Chaetoglobosin K inhibits tumor angiogenesis through downregulation of vascular epithelial growth factor-binding hypoxia-inducible factor 1α.

Ovarian cancer is the fifth leading cause of cancer deaths for women in America. With no known carcinogens or manageable risk factors, targeted prevention is currently unavailable. Angioprevention is a nonspecific strategy to limit the growth of solid tumors and is especially suitable for ovarian cancers. In search of angiopreventive agents, we examined chaetoglobosin K (ChK), a natural cytochalasan compound from the fungus Diplodia macrospora. We found that ChK significantly inhibits cell viability at concentrations as low as 0.5 μmol/l for A2780/CP70 ovarian cancer cells and 1.0 μmol/l for OVCAR-3 cells. ChK also significantly inhibits the secretion of key angiogenesis mediators, including Akt (which is also known as protein kinase B), hypoxia-inducible factor 1α (HIF-1α), and vascular epithelial growth factor (VEGF) by ovarian cancer cells. More importantly, ChK inhibits in-vitro and in-vivo angiogenesis induced by ovarian cancer cells and reduces the migratory capability of human umbilical vein endothelial cells.
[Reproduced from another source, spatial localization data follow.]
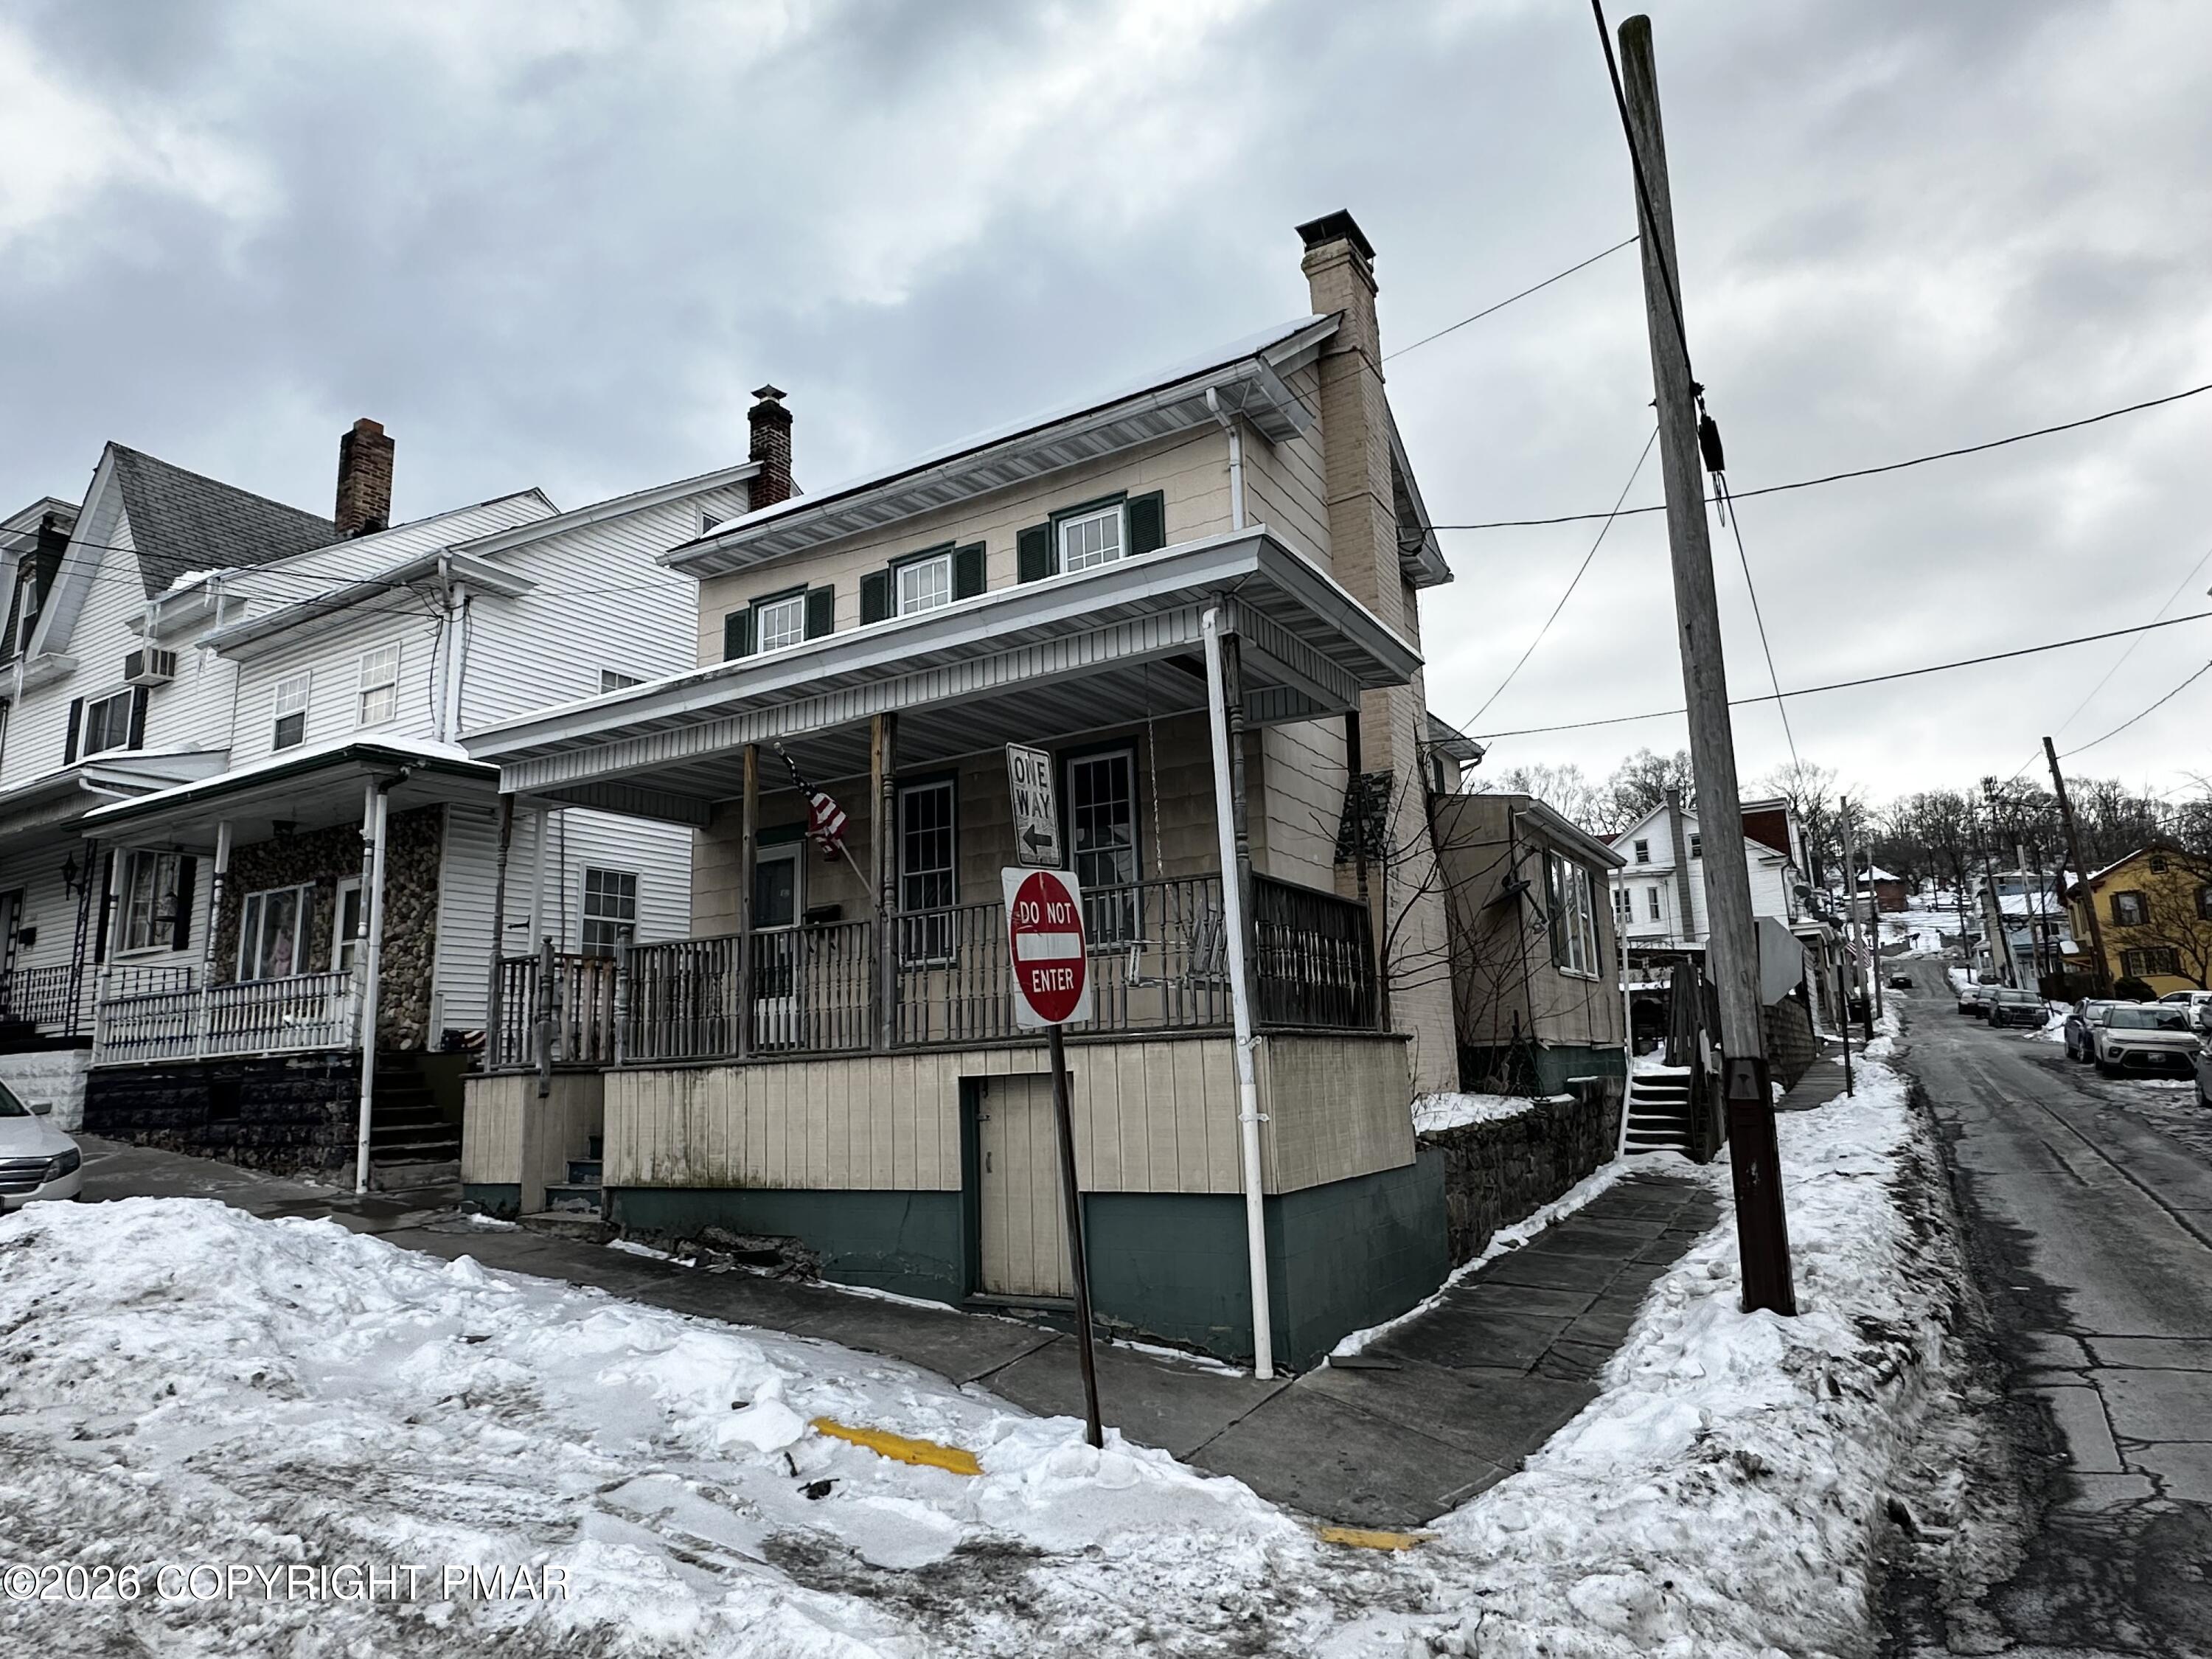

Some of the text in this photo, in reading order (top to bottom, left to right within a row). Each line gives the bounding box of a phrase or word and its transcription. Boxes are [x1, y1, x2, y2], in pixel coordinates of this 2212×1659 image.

[1015, 757, 1047, 787] ONE
[1017, 789, 1049, 819] WAY
[1020, 901, 1071, 924] DO NOT
[1032, 967, 1074, 993] ENTER
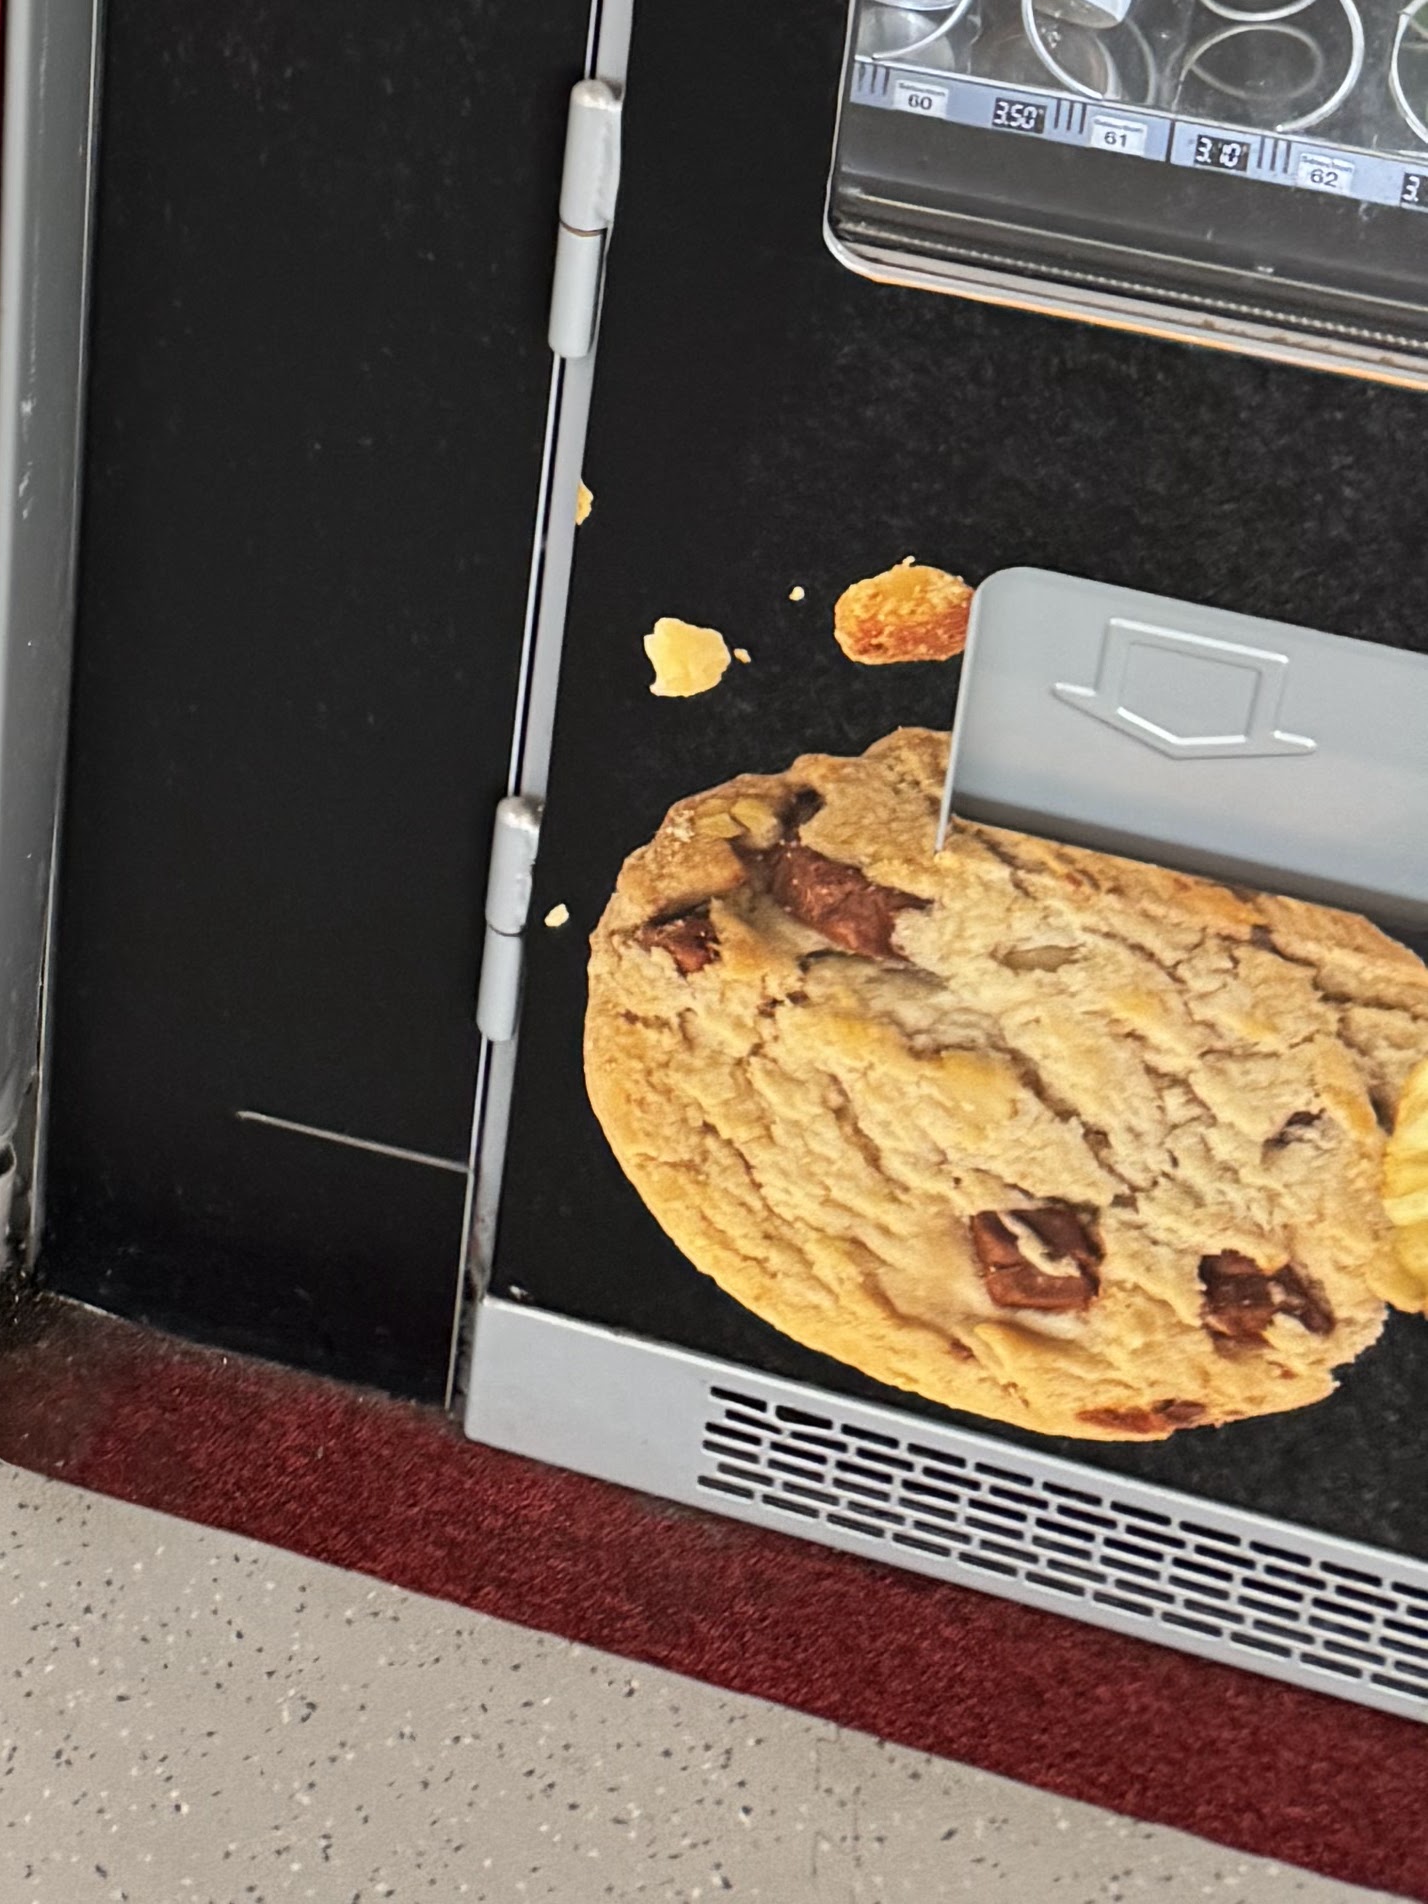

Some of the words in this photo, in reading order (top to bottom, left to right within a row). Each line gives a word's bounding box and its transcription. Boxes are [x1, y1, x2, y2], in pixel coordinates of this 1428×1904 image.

[908, 93, 933, 111] 60
[1104, 131, 1128, 147] 61
[1309, 168, 1339, 189] 62
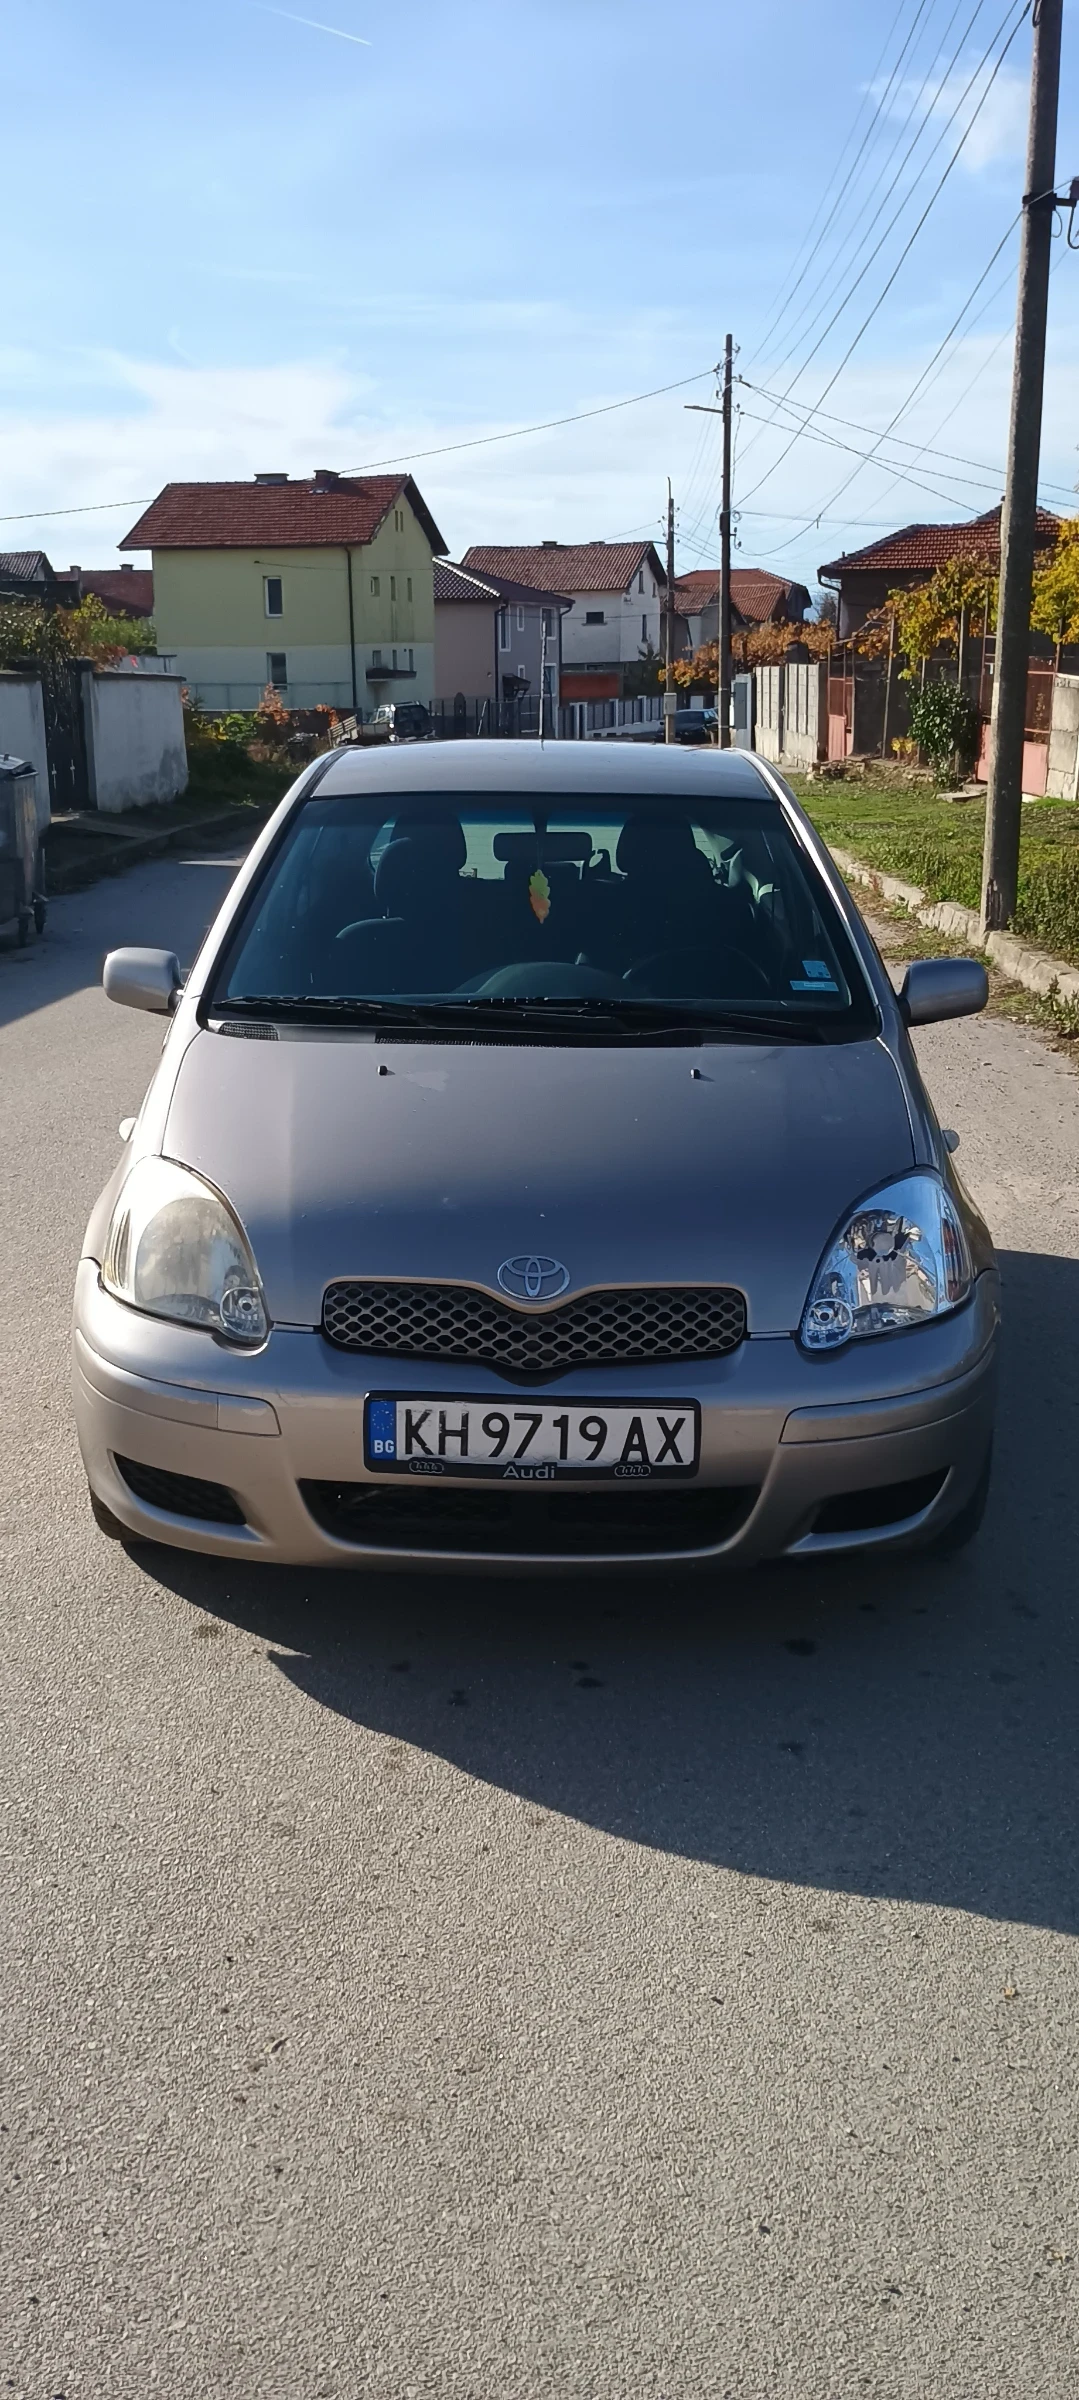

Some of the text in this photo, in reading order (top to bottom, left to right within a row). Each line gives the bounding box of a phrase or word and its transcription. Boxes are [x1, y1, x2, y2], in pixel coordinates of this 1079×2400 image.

[481, 1411, 608, 1461] 9719
[619, 1416, 686, 1463] AX
[374, 1440, 395, 1454] BG
[502, 1465, 555, 1479] Audi
Through transfection of HIF-1α plasmids in luciferase assays, we found that ChK executes its VEGF inhibition by mediating the downregulation of HIF-1α. Furthermore, chromatin immunoprecipitation assays using the HIF-1α antibody revealed that ChK inhibits the interaction of HIF-1α with the VEGF promoter. Through transfection of Akt plasmids, we found that inhibition of HIF-1α by ChK occurs through downregulation of Akt. To our knowledge, this is the first report about the potential angioprevention of ChK. Our data suggest that this natural fungal bioactive compound effectively inhibits angiogenesis through downregulation of VEGF-binding HIF-1α and could be an effective agent for cancer treatment.